Bathed in late-afternoon light, each of Alastair’s guest moved ponderously, diligently about the room as though attending the stations of the cross, first to the bar, then to me: sincere condolences followed by a brief recollection of good times had. Then to the buffet table to load up before circling around to a hepatitis-stricken Mary: heartfelt sympathy followed by jokes about how there would be no more scotch in her future.

From my end of the room I could hear her laugh and say time and again that’s it’s not the scotch she was missing but the love of her man. Ralph, she said, lowering her voice, drawing the listener in, was terrified of getting sick. Ralph had his back to her, but by about the fifth time she’d confessed to everyone within earshot that she hadn’t been fucked in weeks, I remember seeing an involuntary shake of his head, as if a chill had run through him.

Grand toasts finally shut her up. “Let’s drink,” said Ralph, holding up his nearly empty beer glass and looking at me, “to a great Englishman, naturalist, and educator named Yellow and to a woman who merely looks yellow.” I knew then that he wasn’t particularly in love with her anymore. If he ever was.

Immediately afterward he came up to me. I felt Mary watching us, but not with keen interest, vain enough to believe his diminished sex drive applied to the rest of us. I could tell she was merely gathering material for some other grievance and that later in the car would come the inevitable fight. Still, her watching us made me soft somehow, and for the first time since my father died I was willing to wrap myself in grief.

“You didn’t know my father, did you?” I said. “And yet your toast was the best.”

“No. But I certainly knew of him. Well, I suppose everybody did. A chronicled life.”

“By design,” I said sourly.

“Not yours, I presume,” he said, laughing. He had amazingly straight teeth, naturally straight.

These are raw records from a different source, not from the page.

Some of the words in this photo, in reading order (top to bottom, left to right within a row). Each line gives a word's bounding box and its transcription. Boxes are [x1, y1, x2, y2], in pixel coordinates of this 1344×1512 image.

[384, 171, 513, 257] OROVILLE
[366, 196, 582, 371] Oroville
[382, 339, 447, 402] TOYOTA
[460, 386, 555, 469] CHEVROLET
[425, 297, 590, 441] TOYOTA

“I can’t bring myself to complain about the past.”

“How unusual.”

“You sound henpecked.”

“Do I?” He smiled. Hands deep in his pockets, he rocked back on his heels. “I suppose being a naturalist it’s either henpecked or pussy-whipped.”

I blushed. Heat all over. Mary, suddenly the little heat sensor, was over in a flash.

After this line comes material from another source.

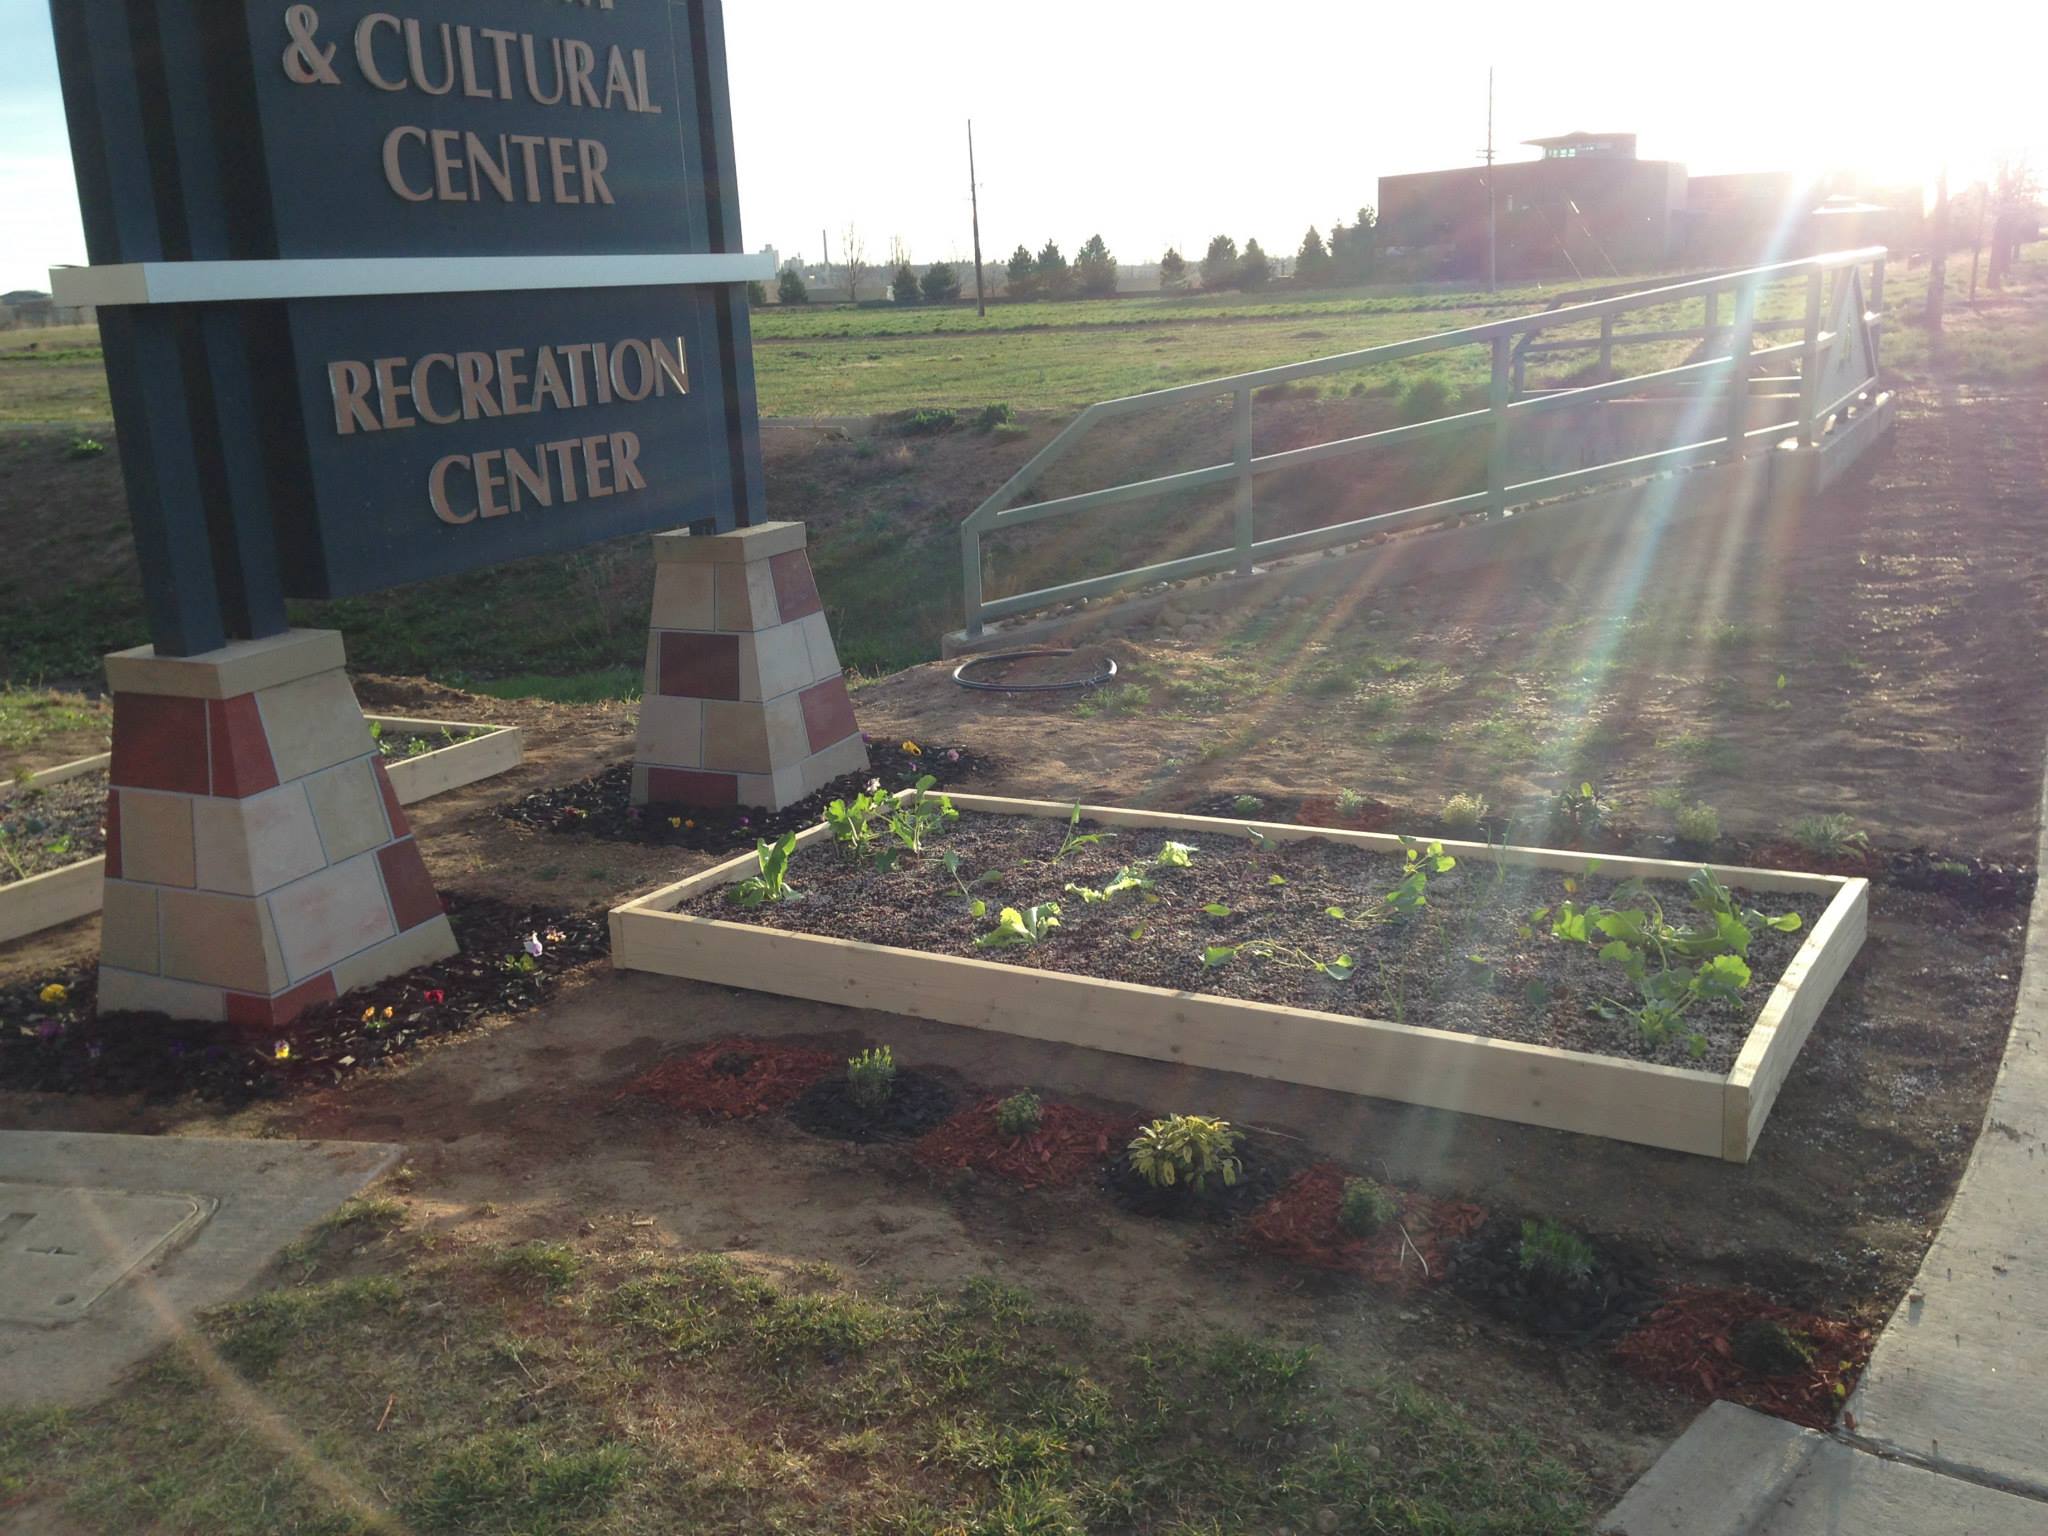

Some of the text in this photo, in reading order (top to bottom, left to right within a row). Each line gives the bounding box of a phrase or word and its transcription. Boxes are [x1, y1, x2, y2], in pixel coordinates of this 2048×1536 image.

“We were just discussing my father,” I said to her, moving aside so she could stand by her husband

“And what about him?” Her voice was flat. Australian. She was wearing open-toed shoes with stockings.

“Whether, outside of real abuse, one gets to complain about the life your parents provide you.”

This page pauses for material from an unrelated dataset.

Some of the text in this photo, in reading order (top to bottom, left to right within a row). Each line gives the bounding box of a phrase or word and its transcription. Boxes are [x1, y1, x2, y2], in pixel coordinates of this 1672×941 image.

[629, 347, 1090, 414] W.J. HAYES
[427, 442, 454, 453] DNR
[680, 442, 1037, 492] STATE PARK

“I shouldn’t think you’d want to complain. Growing up on TV. A life lived all over the world with the famous Maurice Yellow. Ralph and I would have killed for that. What did we have instead, darling? You rooting around for insects in shitty old Orpington, me stuck at the bottom of the world with my mother, the claims adjuster, and my father, running his little money-losing revival cinema.”

“How did you end up here?” I asked.

“The same route a lot of us itching-to-get-out Aussies take. Come to England, work in a pub, go to school.”

“Mary studied film,” Ralph said, draining his beer. “She was my production assistant.”

I had to get away. I didn’t want to know any more.

“I should go speak to some of my father’s old pals,” I said, scooping up my drink. “Most didn’t get a chance to see him before he died.”

No better than walking alone on a desert road, hearing the footsteps behind you only to turn and find nothing. Ralph was stalking my thoughts, but never once did I catch him looking. The party was emptying. A “core group,” as Alastair put it, was going on to dinner at a Greek restaurant.

“Nothing so gauche as waiters smashing plates to the ground,” Alastair said, taking my hand. “So, you can get that wild look off your face.”

“How core is core?” I asked.

“You mean will anybody under fifty be coming?”

“Not that it matters.”

“I’ve asked Ralph McCrimmon and his little yellow wife. Or I should say he asked me.”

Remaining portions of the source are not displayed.